# Sums of Binomial Coefficients - proof by induction

• Jan 22nd 2010, 05:06 AM
shmounal
Sums of Binomial Coefficients - proof by induction
Hi,

Was wondering if anyone could help with this question i've been struggling with. Im sure I'm just missing something simple but can't work it out. I need to prove by induction that the sum from j=o to n of j Choose k is equal to n+1 Choose k+1. Think I need to use the identity n Choose k+1 is equal to (n-1 Choose k) plus (n-1 choose k+1).
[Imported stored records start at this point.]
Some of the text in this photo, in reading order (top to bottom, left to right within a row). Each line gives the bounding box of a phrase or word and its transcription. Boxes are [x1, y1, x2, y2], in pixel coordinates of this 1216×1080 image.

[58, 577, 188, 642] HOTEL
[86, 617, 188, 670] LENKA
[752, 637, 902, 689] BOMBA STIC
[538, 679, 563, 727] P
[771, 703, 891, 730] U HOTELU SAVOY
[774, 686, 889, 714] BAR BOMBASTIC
Any help very appreciated!!

$\displaystyle \binom{n+1}{k+1} = \sum_{j=0}^{n}\binom{j}{k}$
• Jan 22nd 2010, 06:27 AM
Hello shmounal

Welcome to Math Help Forum!
Quote:

Originally Posted by shmounal
Hi,

Was wondering if anyone could help with this question i've been struggling with. Im sure I'm just missing something simple but can't work it out. I need to prove by induction that the sum from j=o to n of j Choose k is equal to n+1 Choose k+1. Think I need to use the identity n Choose k+1 is equal to (n-1 Choose k) plus (n-1 choose k+1). Any help very appreciated!!
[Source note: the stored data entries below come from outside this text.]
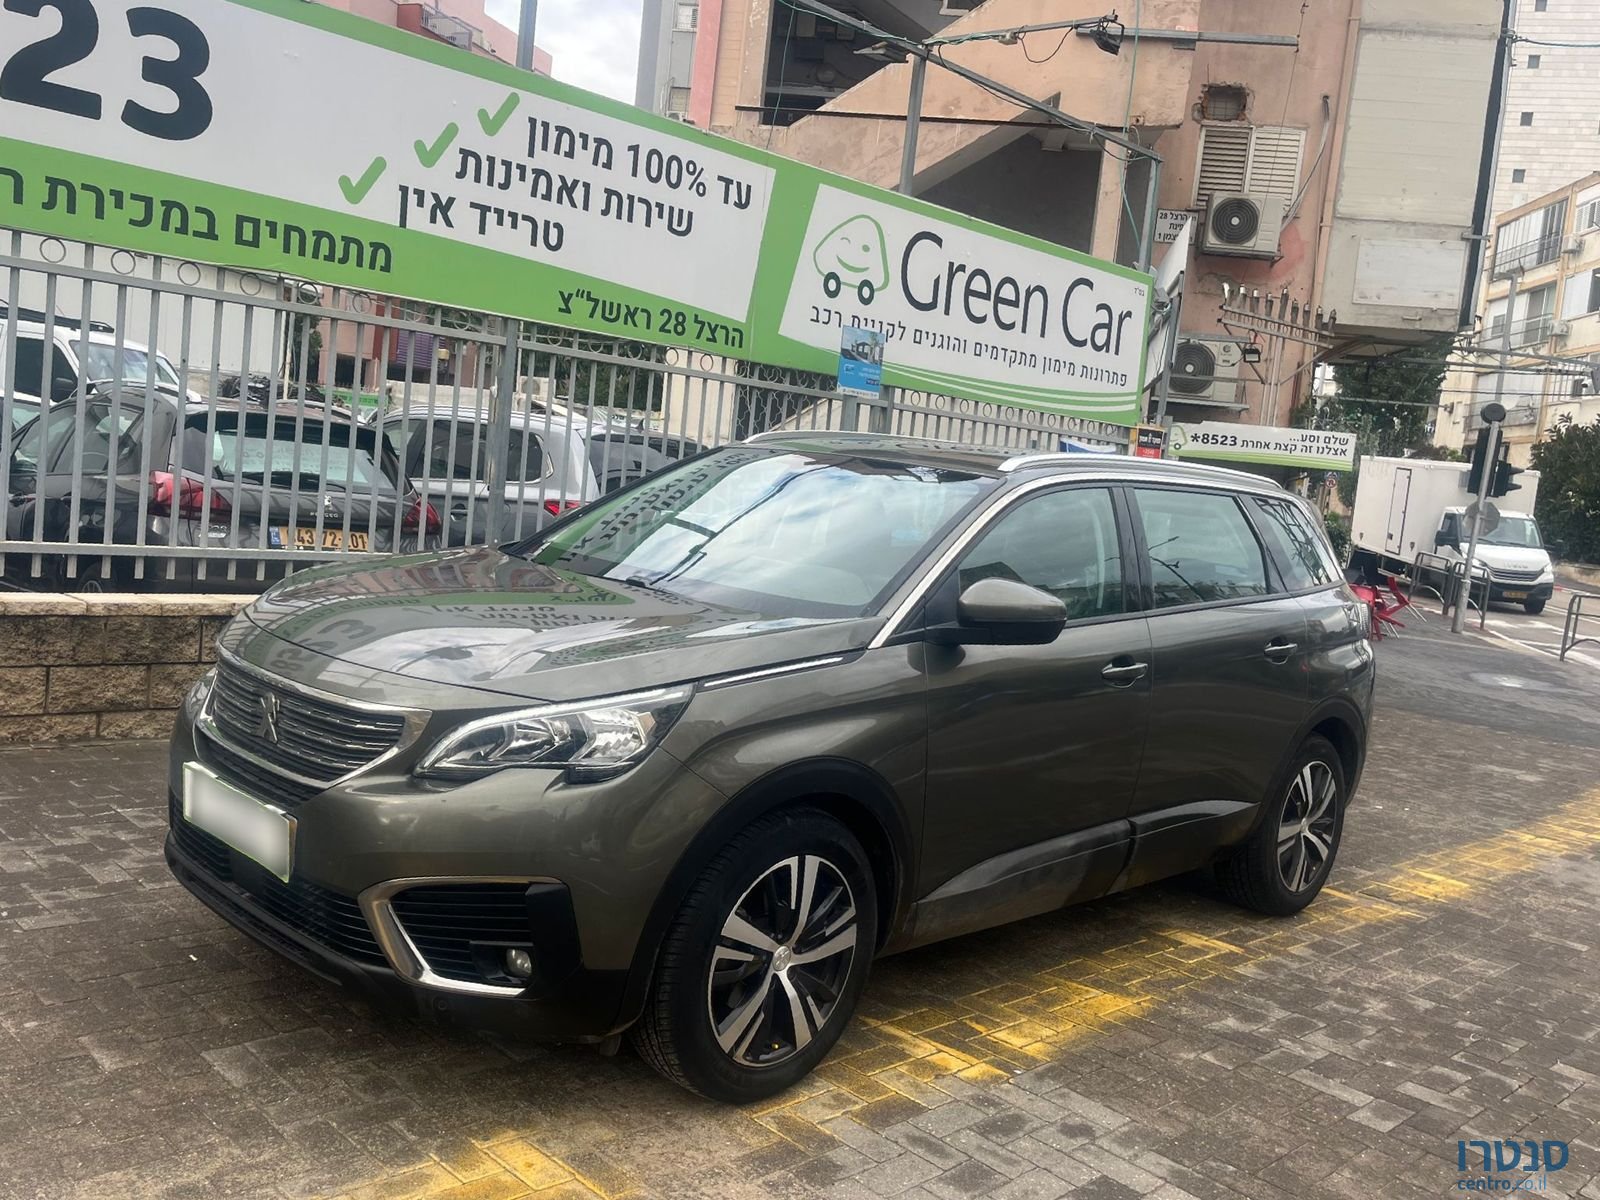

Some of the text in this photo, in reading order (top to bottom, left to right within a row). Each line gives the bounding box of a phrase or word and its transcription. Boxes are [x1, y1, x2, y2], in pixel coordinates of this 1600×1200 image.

[527, 116, 752, 210] עד 100% מימון
[455, 147, 694, 237] שירות ואמינות
[41, 175, 219, 241] במכירת
[398, 184, 564, 252] טרייד אין
[235, 213, 392, 273] מתמחים
[900, 231, 1132, 356] Green Car
[658, 308, 686, 336] 28
[810, 305, 843, 328] רכב
[693, 313, 744, 348] הרצל
[913, 328, 967, 354] והוגנים
[974, 341, 1037, 368] מתקדמים
[1042, 356, 1076, 375] מימון
[1080, 364, 1127, 387] פתרונות
[1240, 439, 1270, 450] אחרת
[1274, 441, 1297, 454] קצת
[1300, 444, 1313, 454] זה
[1316, 444, 1348, 457] אצלנו
[1323, 433, 1349, 446] שלם
$\displaystyle \binom{n+1}{k+1} = \sum_{j=0}^{n}\binom{j}{k}$

You're right! The result you quote is:
$\displaystyle \binom{n-1}{k}+\binom{n-1}{k+1}= \binom{n}{k+1}$
and if, in this result, we replace $\displaystyle n$ by $\displaystyle (n+2)$ we get:
$\displaystyle \binom{n+1}{k}+\binom{n+1}{k+1}= \binom{n+2}{k+1}$ ...(1)
Now suppose that $\displaystyle P(n)$ is the propositional function
$\displaystyle \sum_{j=0}^{n}\binom{j}{k}= \binom{n+1}{k+1}$
Then:
$\displaystyle P(n) \Rightarrow$
$\displaystyle \sum_{j=0}^{n+1}\binom{j}{k}= \sum_{j=0}^{n}\binom{j}{k}+\binom{n+1}{k}$
$\displaystyle =\binom{n+1}{k+1}+ \binom{n+1}{k}$

$\displaystyle =\binom{n+2}{k+1}$ using
(1)
Therefore:
$\displaystyle P(n) \Rightarrow P(n+1)$
I'll leave you to verify that $\displaystyle P(1)$ is true, and that by Induction the result follows.